(The problem) Drop every picture. Return the rest of the entries exactly.

(Stored data entries)
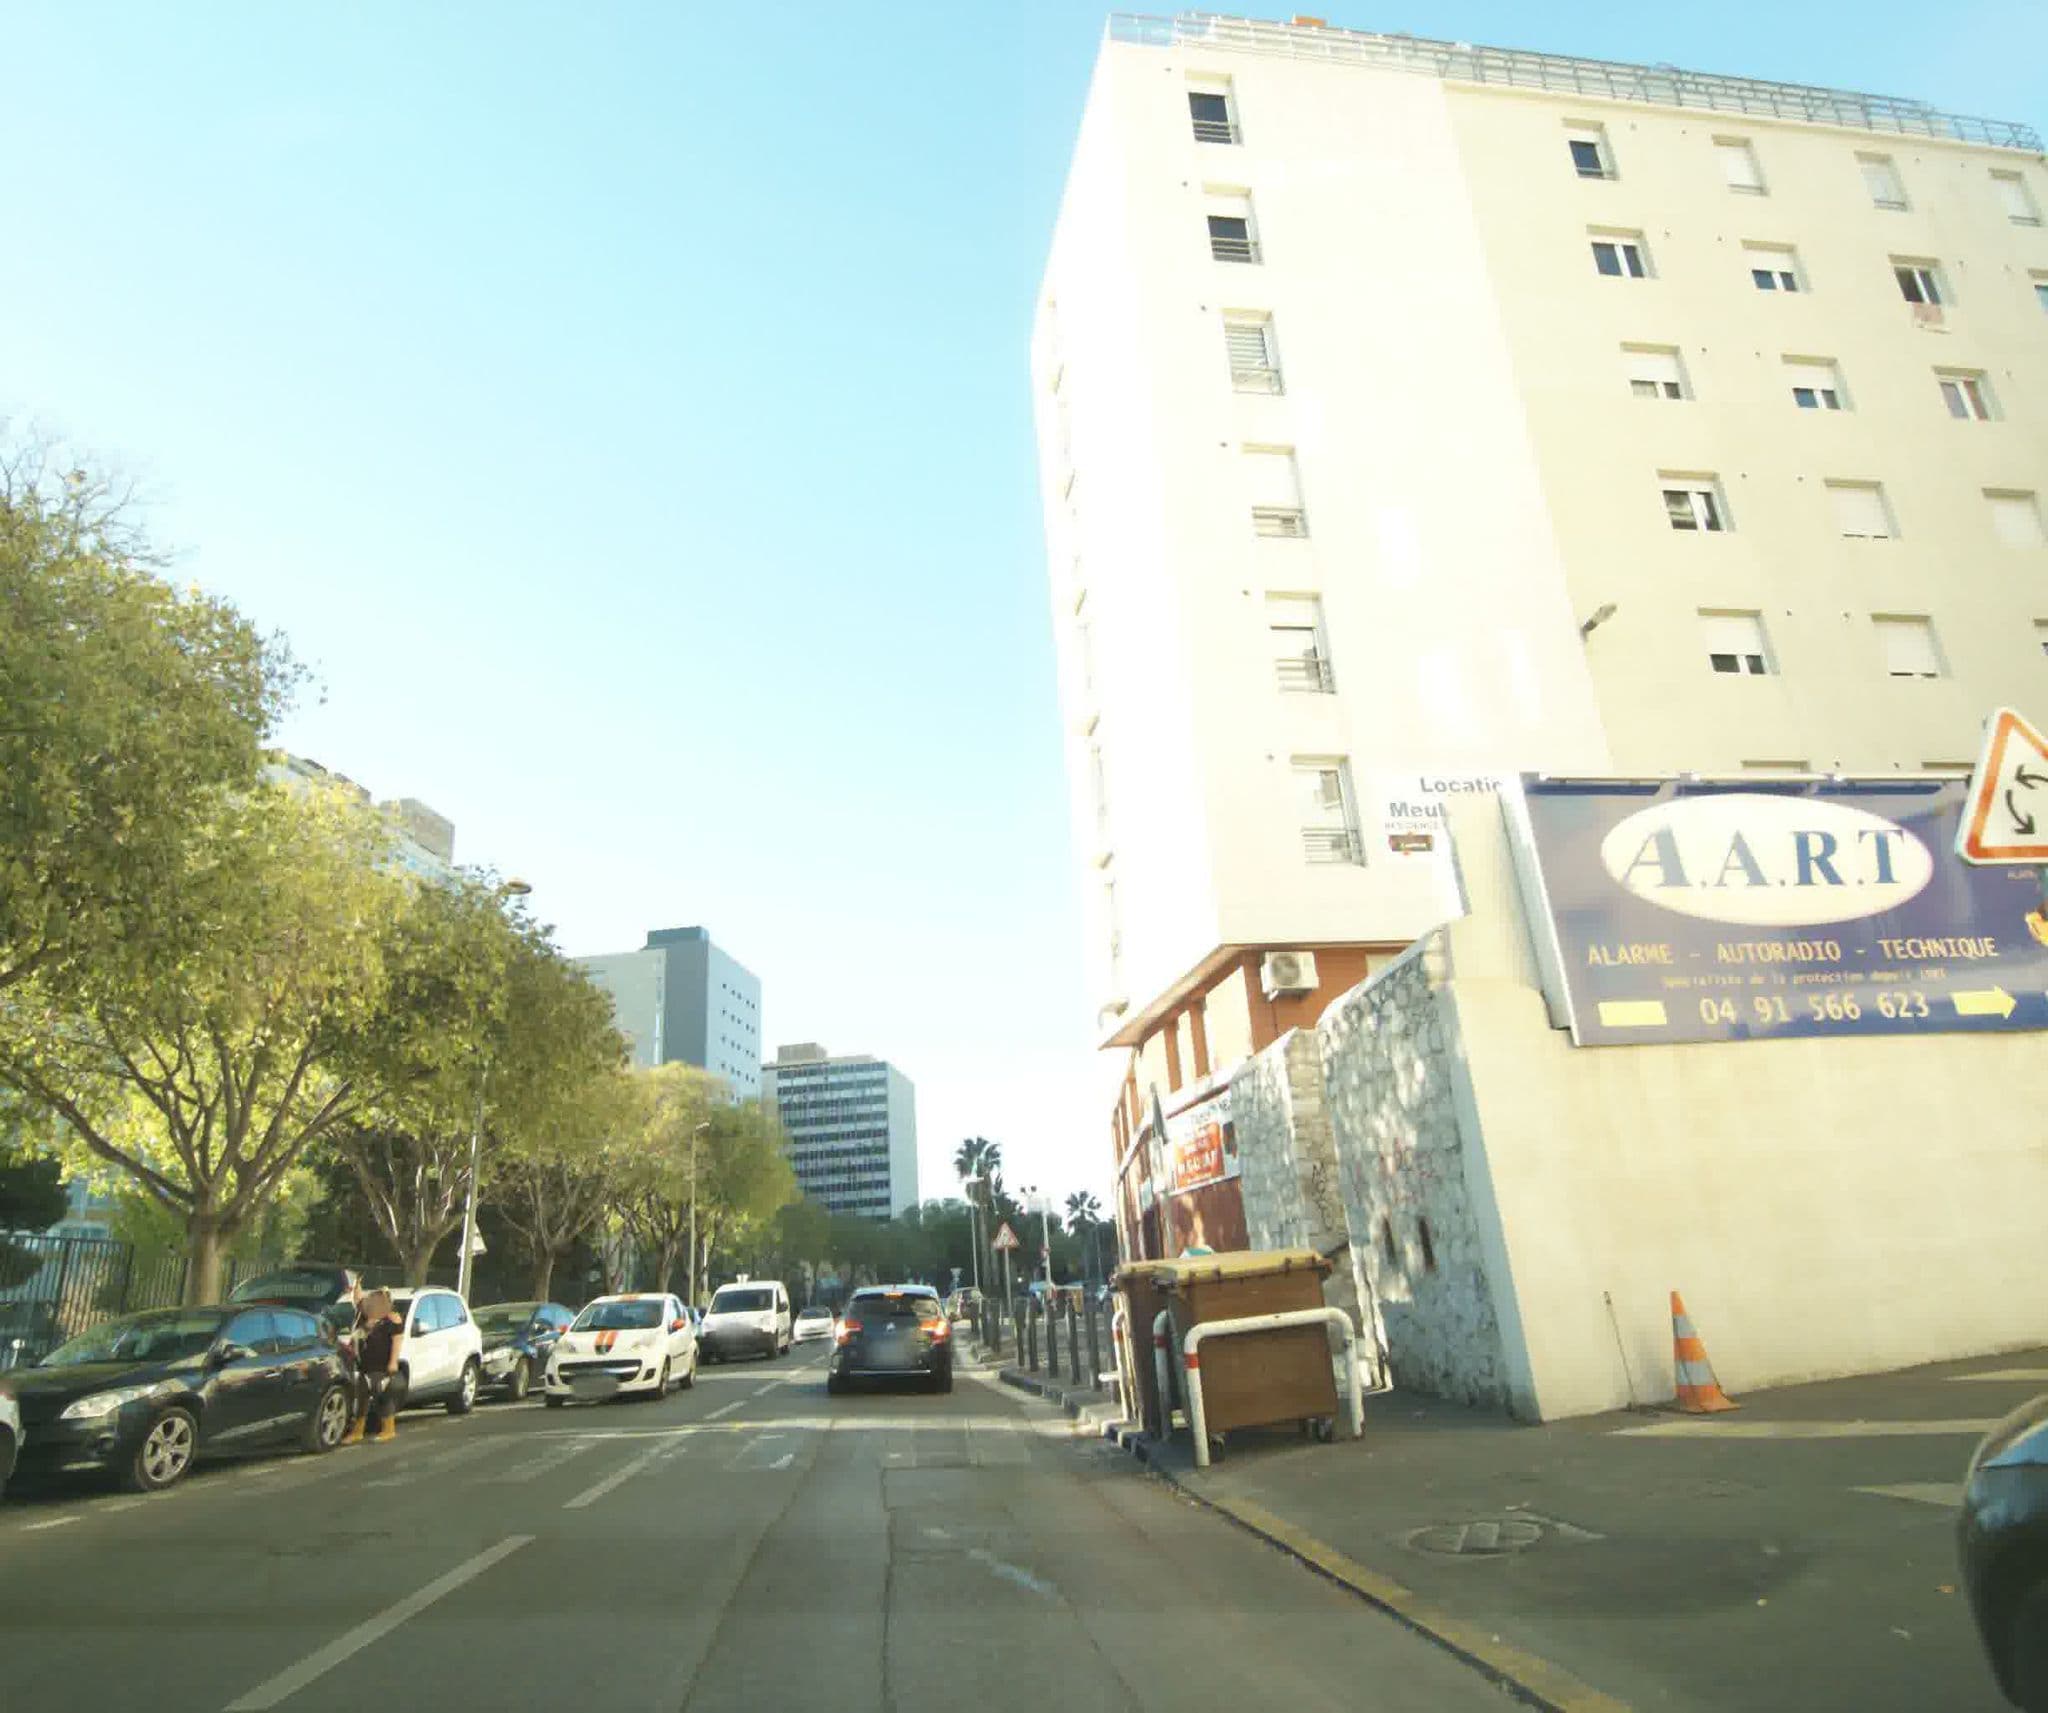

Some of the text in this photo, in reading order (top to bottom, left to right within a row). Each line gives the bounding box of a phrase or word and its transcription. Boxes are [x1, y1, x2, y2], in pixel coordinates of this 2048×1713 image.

[1622, 824, 1905, 888] A.A.R.T
[1588, 943, 1674, 965] ALARME
[1717, 940, 1841, 963] AUTORADIO
[1877, 937, 2000, 959] TECHNIQUE
[1699, 990, 1930, 1025] 04 91 566 623

(Solution to the problem)
Some of the text in this photo, in reading order (top to bottom, left to right within a row). Each line gives the bounding box of a phrase or word and its transcription. Boxes are [x1, y1, x2, y2], in pixel coordinates of this 2048×1713 image.

[1622, 824, 1905, 888] A.A.R.T
[1588, 943, 1674, 965] ALARME
[1717, 940, 1841, 963] AUTORADIO
[1877, 937, 2000, 959] TECHNIQUE
[1699, 990, 1930, 1025] 04 91 566 623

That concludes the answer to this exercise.